I have never heard of that issue, very odd.  I can tell you that it's unlikely that the issue is simply the transformer.  The older post-war transformers have a pure 60hz sine wave, no high frequencies there.  The newer transformers like the CW-80 or the Z-1000 use a chopped wave and the harmonics of those can be higher frequency, but rarely anything close to 200mhz or up.

How are you determine the emissions, and have you pinpointed the are they are being emitted from?

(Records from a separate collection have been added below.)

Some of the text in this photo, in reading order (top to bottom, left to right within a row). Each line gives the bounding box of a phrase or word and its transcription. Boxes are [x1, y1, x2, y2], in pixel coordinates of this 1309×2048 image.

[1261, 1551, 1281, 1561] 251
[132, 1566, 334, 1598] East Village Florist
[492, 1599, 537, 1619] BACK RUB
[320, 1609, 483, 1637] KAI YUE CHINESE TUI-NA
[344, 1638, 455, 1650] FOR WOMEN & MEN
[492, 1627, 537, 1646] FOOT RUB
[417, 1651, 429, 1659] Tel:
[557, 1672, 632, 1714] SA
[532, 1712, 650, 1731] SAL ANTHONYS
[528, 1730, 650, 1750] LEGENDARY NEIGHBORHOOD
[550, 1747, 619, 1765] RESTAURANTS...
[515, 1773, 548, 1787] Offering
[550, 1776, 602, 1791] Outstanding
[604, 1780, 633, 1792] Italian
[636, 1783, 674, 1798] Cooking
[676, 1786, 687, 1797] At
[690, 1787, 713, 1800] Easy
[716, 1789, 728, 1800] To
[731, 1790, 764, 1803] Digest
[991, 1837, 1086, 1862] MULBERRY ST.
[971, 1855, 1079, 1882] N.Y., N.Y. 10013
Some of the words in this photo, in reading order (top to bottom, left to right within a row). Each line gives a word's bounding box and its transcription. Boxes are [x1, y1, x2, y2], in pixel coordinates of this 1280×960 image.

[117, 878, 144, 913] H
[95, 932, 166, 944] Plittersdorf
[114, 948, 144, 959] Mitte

We have a meter that determines the frequency and V/m.  It is an Acousticom 2 (Lessemf.com).  An electrician hooked up an oscilloscope to my CW-80 and 1970's Red and thought it was a transformer issue, but had no advice.  He also has a higher quality EMF meter that verified the signals were in the high frequency range. An MTH technician told us the transformer was the issue during a phone conversation.

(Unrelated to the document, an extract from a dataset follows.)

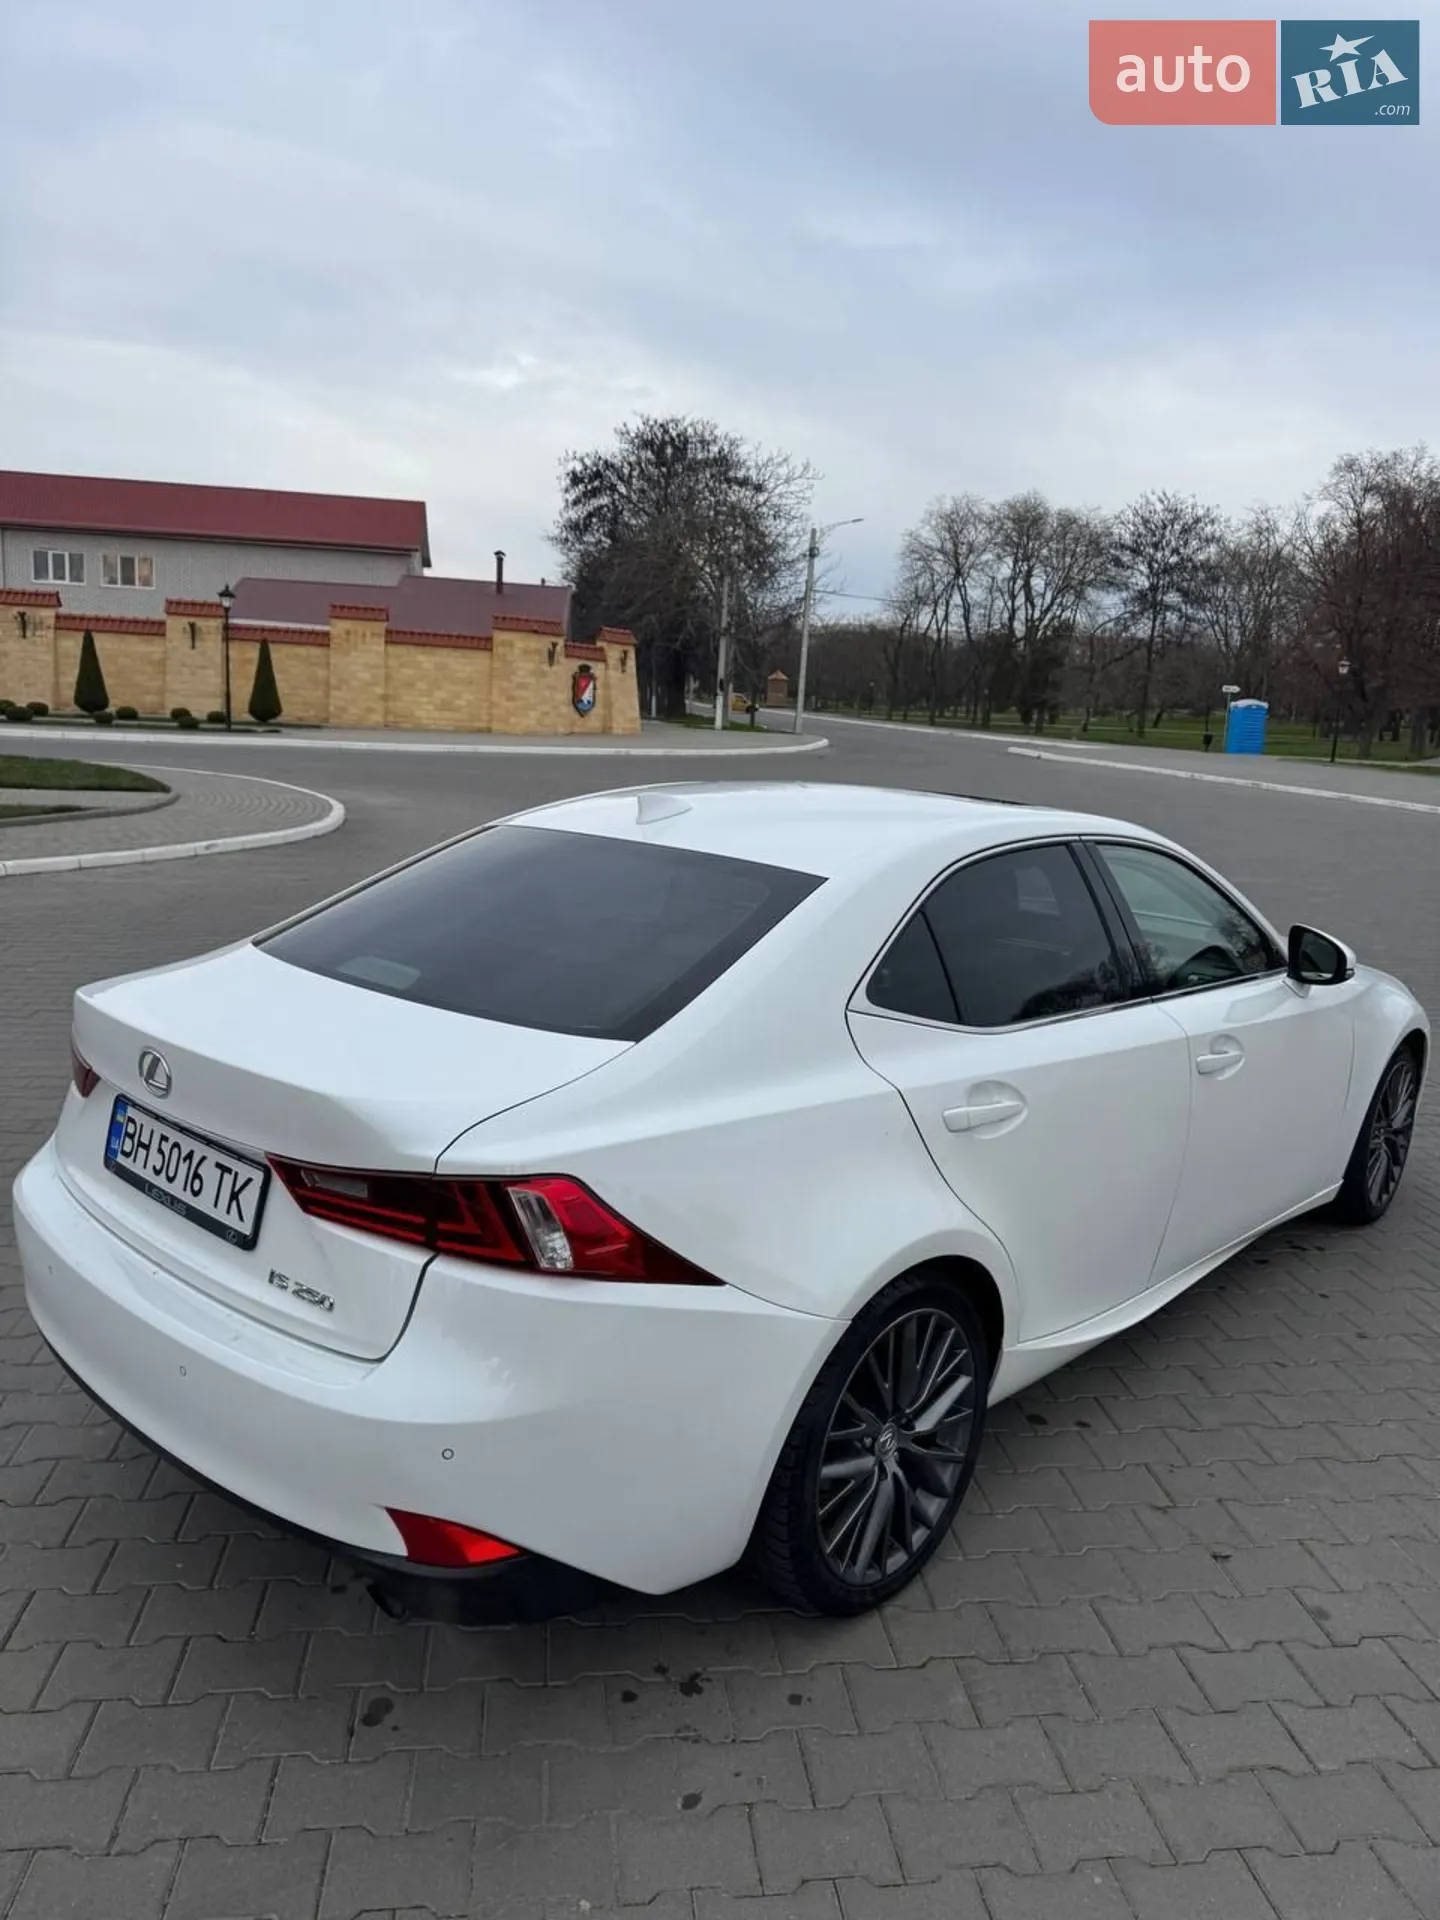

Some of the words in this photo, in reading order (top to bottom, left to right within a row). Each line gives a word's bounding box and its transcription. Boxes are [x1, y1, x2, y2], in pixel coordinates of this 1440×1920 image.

[120, 1115, 154, 1170] BH
[152, 1133, 207, 1198] 5016
[214, 1161, 254, 1223] TK

 When the engine runs by itself it does not emit as high V/m as when you add cars.  The more rolling stock, the higher the V/m. 

I forgot to mention that my trains are 100% conventionally powered.

We had a problem once with a new furnace that emitted signals in the radio frequency range.  I got a piercing pain in my head every time I passed the thermostat in the living room.  We had specifically told the furnace salesman that we didn't want any smart technology due to my illness.  The furnace company did some testing and determined that when the furnace cycled on and off, it somehow pushed into the high frequency range, and it followed the wire up to the thermostat and transmitted the signal through the living room.  I don't understand how it all works, I just know it hurts.  The furnace company replaced the furnace with a lower efficiency one and there was no problem after that.  WIFI, bluetooth, cell phones, smart meters, etc all affect me.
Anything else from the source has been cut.